As Mullins explained, "Across our careers, we have observed the climate changing for the worse, and natural disaster risks escalating in tandem with increased frequency and intensity of extreme weather events. The science is clear, simple, and cannot be disputed – intensifying extreme weather is being driven by the warming atmosphere and oceans, and since the year 2000 there has been a significant increase in the frequency and number of serious weather events. Our group, which launched with 23 members last year and now counts 33 former fire chiefs among our ranks, has made repeated, and detailed recommendations to the Federal government on how to better prepare Australia for worsening bushfire danger." Mullins also stated, "We are deeply concerned about the lack of climate action at a national level and felt obligated to speak out."

During the bushfires that raged during Black Summer, Mullins, along with other members of ELCA, frequently appeared in the media.

Mullins and other members of ELCA tried to meet with Australian Prime Minister, Scott Morrison, for multiple months in the lead up to summer to “warn the prime minister about what veteran firefighters, climate scientists and meteorologists all identified as a looming bushfire disaster.” He has also stated that they "knew that a bushfire crisis was coming".

Throughout summer, Mullins consistently linked the cause of the bushfires to climate change.
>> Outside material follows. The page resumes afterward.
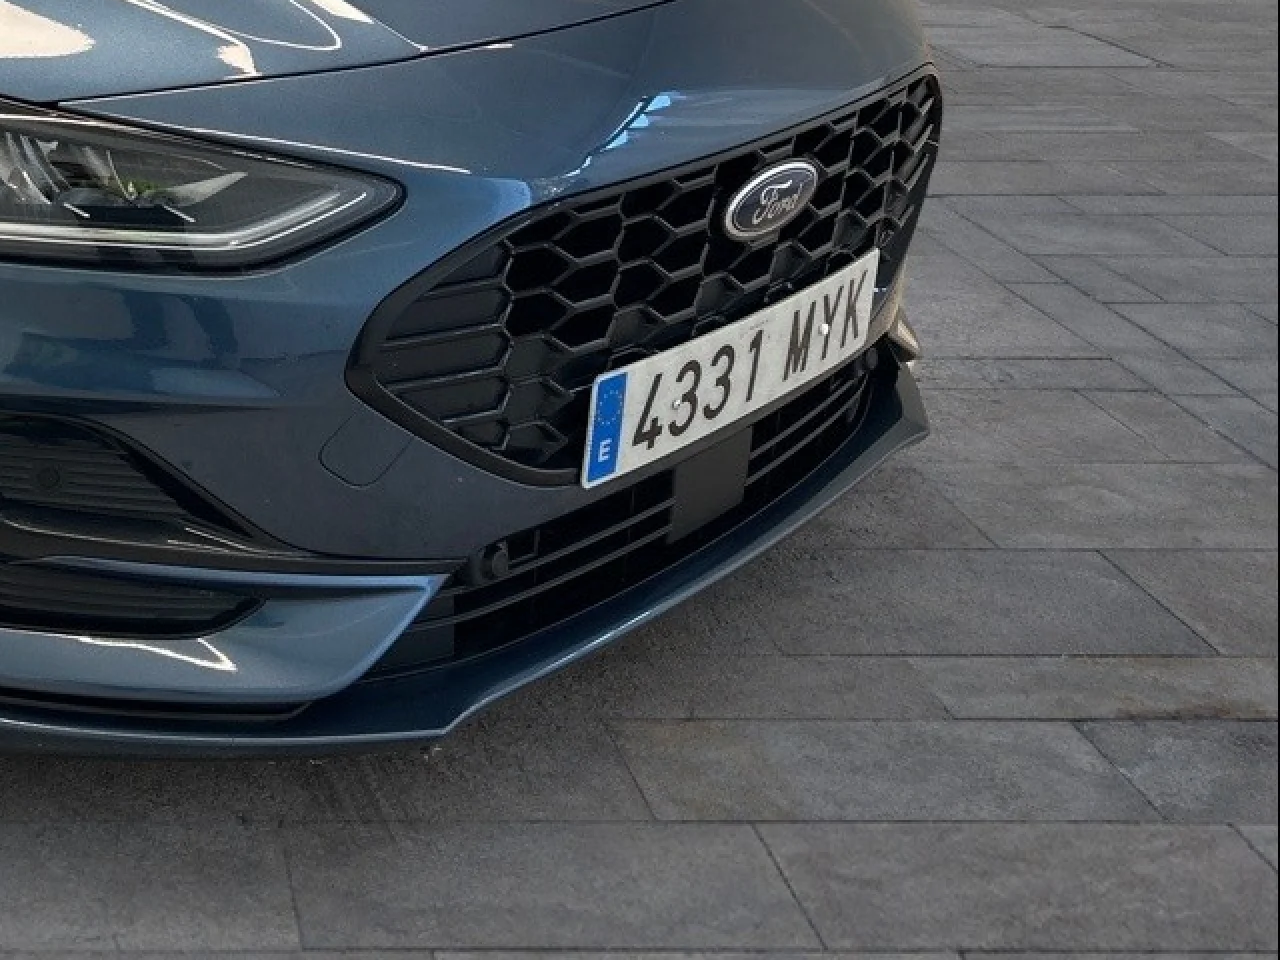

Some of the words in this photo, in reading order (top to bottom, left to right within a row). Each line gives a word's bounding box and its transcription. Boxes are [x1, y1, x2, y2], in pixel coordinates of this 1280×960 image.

[751, 179, 804, 225] Ford
[632, 329, 764, 450] 4331
[782, 269, 869, 383] MYK
[597, 439, 613, 462] E
He has stated, "We have to talk about climate change because our bushfire season in Australia has changed forever". He called for the urgent need to phase out fossil fuels as the driver behind climate change and the bushfires, "if we are to have any hope of coping with the increasing bushfire threat, we must deal with the underlying driver – by phasing out fossil fuels, banning new coal, oil, and gas projects, and reaching net zero emissions as fast as possible."

Mullins has also pushed back on what he perceived to be a lack of leadership from the Federal Government and a reluctance to speak about climate change. He stated, "This government fundamentally doesn't like talking about climate change. We would like the doors to be open to the current chiefs, and allow them to utter the words 'climate change'. They are not allowed to at the moment."

In response to the fires, Mullins chaired The National Bushfire and Climate Summit, hosted by ELCA, in June and July 2020 to discuss how to protect Australia from escalating fire danger. The Summit culminated in the release of The Australian Bushfire and Climate Plan. This provided 165 practical recommendations about how to combat bushfires in Australia and improve Australia’s effective bushfire readiness, response, and recovery. Mullins stated, "Australia's strategy has to go beyond the fire prevention and fighting process itself". Instead he argues, "the Federal Government must tackle the root cause of climate change by urgently phasing out fossil fuels to reach net zero emissions."

Mullins has also been a Climate Councillor with the Climate Council since 2018.